For the past two years, Freddy Otte has been a Mentor for the Watershed Stewards Program (WSP) at the San Luis Obispo Steelhead Initiative. At the mention of the need for help with the restoration project, Freddy mentioned the possibility of collaboration to one of the Region II Team Leaders for the WSP SLO Office, Allie Watts. The Watershed Stewards Program is an AmeriCorps program and a special program of the California Conservation Corps whose goal is salmonid habitat restoration throughout California. WSP aims to give young natural resource professionals the hands on experience with experts in fisheries, conservation, and environmental fields during their 10 ½ month service term. Each Team Leader and Member of WSP must complete a watershed restoration project to fulfill part of their program requirements. The SLO Creek Restoration project would be the perfect fulfillment for WSP and truly allow Allie to immerse herself in the SLO community.
After email introductions, Allie began setting up meetings with all the project leaders to put these plans into action. The SLO Creek Restoration project team met several times prior to the first volunteer day on April 27th, 2016. The team decided the first plan of action was to remove the many invasive species throughout the riparian area of SLO Creek from the footbridge near Chorro Street to Broad Street. In general, invasive plants have shallow root structures which cause erosion into the creek in rain events. They also outcompete native plant species which provide valuable habitat for native animals living there, have deep root systems that reduce erosion, and are drought tolerant plants. Common invasive species the team planned to remove included: Vinca (periwinkle), Agapanthus (), and Ailanthus altissima (Tree of Heaven).
Allie, Freddy, Bill, John, and Martha Rutherford, CNPS member, became the core leaders on the team and worked together to recruit volunteers, procure tools and safety gear, and spread the word about the event. On April 27th, 2016, the team’s hardwork was rewarded when over 140 volunteers showed up to remove invasive plants at SLO Creek. The volunteers ranged from Cal Poly students, CCC corpsmembers, community leaders from CNPS and the Downtown Association to local community members and families. While invasive removal is an ongoing process, this volunteer day was an excellent step in the right direction for the health of the SLO Creek riparian area. The shock of bare riparian areas kept the team’s momentum high moving forward.

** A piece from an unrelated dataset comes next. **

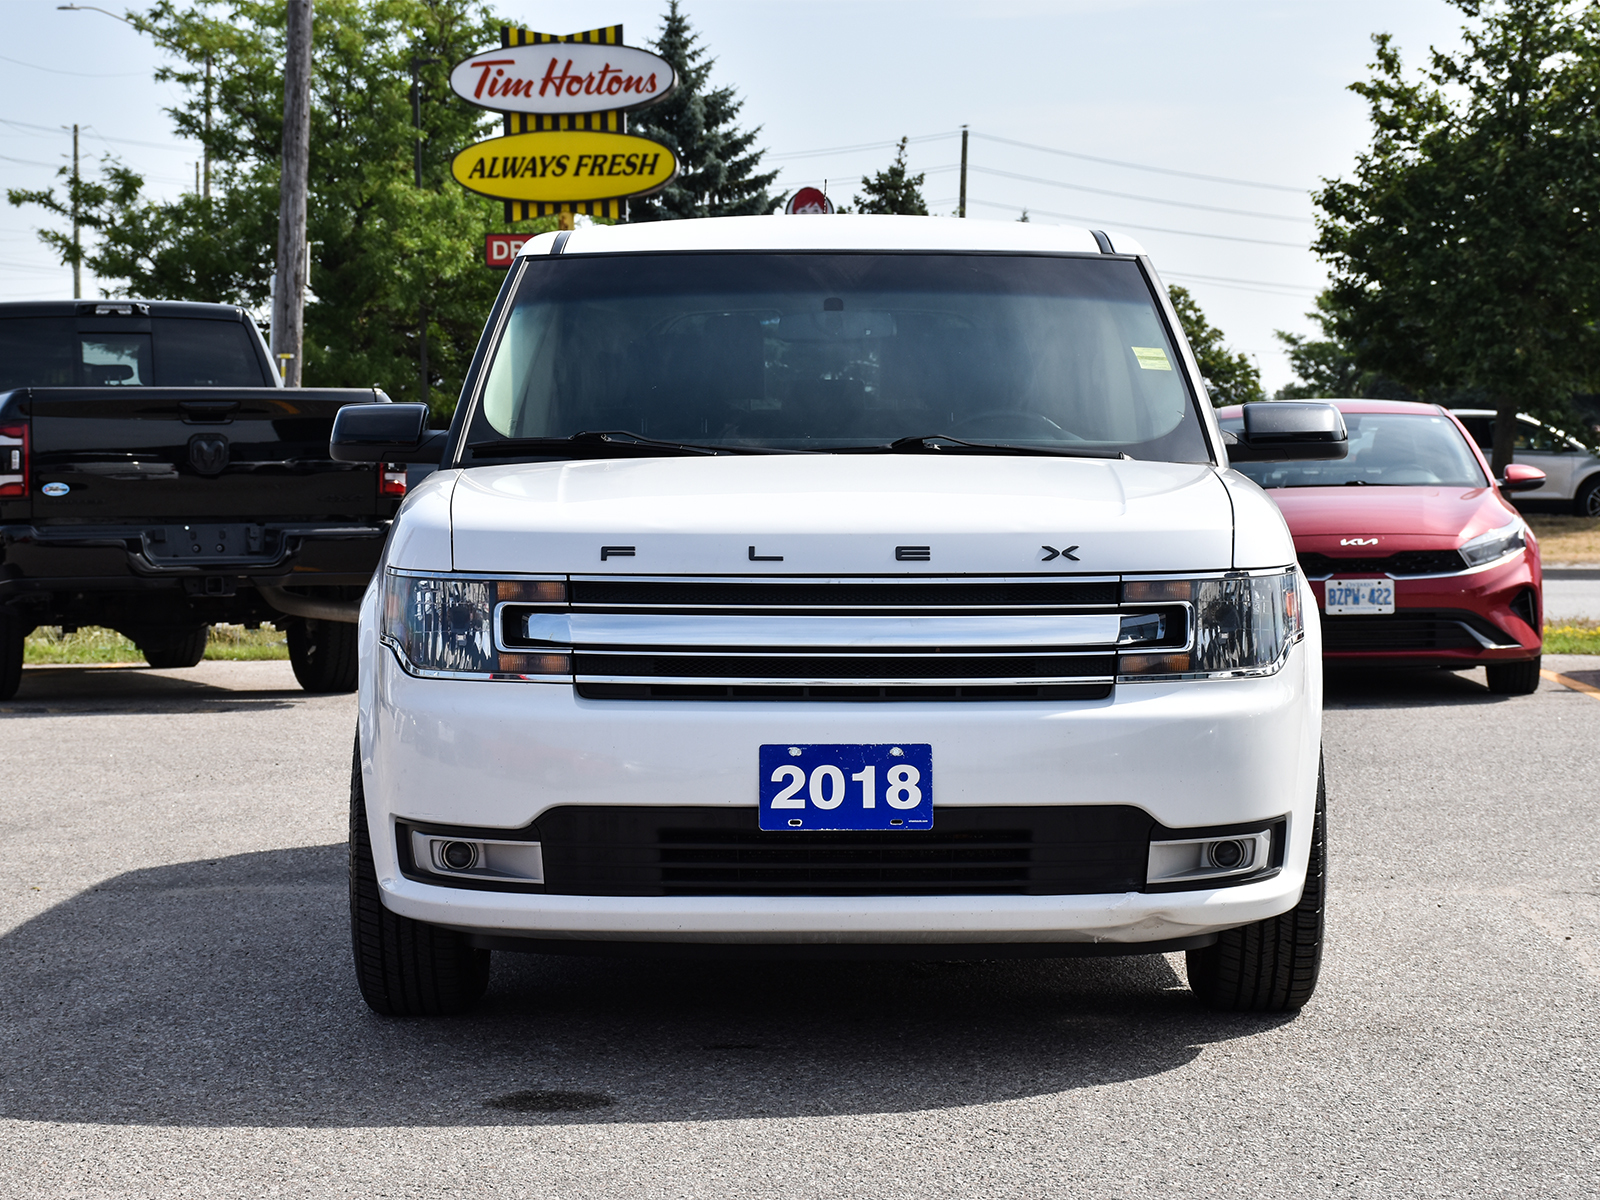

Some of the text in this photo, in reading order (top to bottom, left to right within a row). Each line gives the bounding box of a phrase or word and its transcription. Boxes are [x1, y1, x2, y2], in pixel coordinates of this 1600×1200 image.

[470, 57, 658, 100] Tim Hortons
[468, 153, 660, 179] ALWAYS FRESH
[600, 545, 1080, 562] FLEX
[770, 764, 922, 810] 2018

The following meetings focused on native planting plans. Dr. David Keil provided great insight into the appropriate native plants that would thrive in the conditions at SLO Creek. Using his list, the team decided to reach out to the American Society of Landscape Architects (ASLA) student chapter at Cal Poly to acquire a planting palette. Brandon Cornejo, ASLA member, took charge of the project and the team was supplied with a base conceptual planting map and palette to allow the native planting volunteer days at SLO Creek to begin. Using the ASLA map and recommendations from Dr. Keil, the native plants were purchased from local nurseries, Growing Grounds, Las Pilitas, and Clearwater Color, and donated by project leaders. On March 12th, 2016 the team hosted the first native planting volunteer day at SLO Creek. Around twenty volunteers consisting of community members, WSP members, and CCC corpsmembers came out to help plant eighty native species in the first round of planting restoration. All volunteers learned proper planting techniques and the importance of creating a bern around the plant’s base. The bern is essentially a channel around the plant that keeps water close, allowing it to sink in. The berns were especially important for the natives planted on a downhill slope to ensure runoff was not rolling into the creek.
Following the initial planting, Allie continued to hand water all the plants once a week for four months and monitoring their progress. About 70% of the native species planted on the first volunteer day survived. During these four months, the team continued to meet to discuss the plant’s progress, future planting volunteer days, and future signage for the creek. ASLA and Brandon were instrumental in delivering a large “Back to the Natives” planting sign for SLO Creek. This sign features educational information on native and invasive plants as well as photos of the plants. The final sign is set to be approved by the city in September or October of this year. Upon approval and after more restoration work is completed next year, two large signs will be printed and placed at either end of the project, near the footbridge by Broad Street and past the footbridge near Chorro Street. In addition to the large signs, small native plant signs will be placed near different plant species in the riparian area to help community members and tourists identify California riparian native plants. The goal for all of this signage is to help educate and enhance the visitors experience when walking near the creek.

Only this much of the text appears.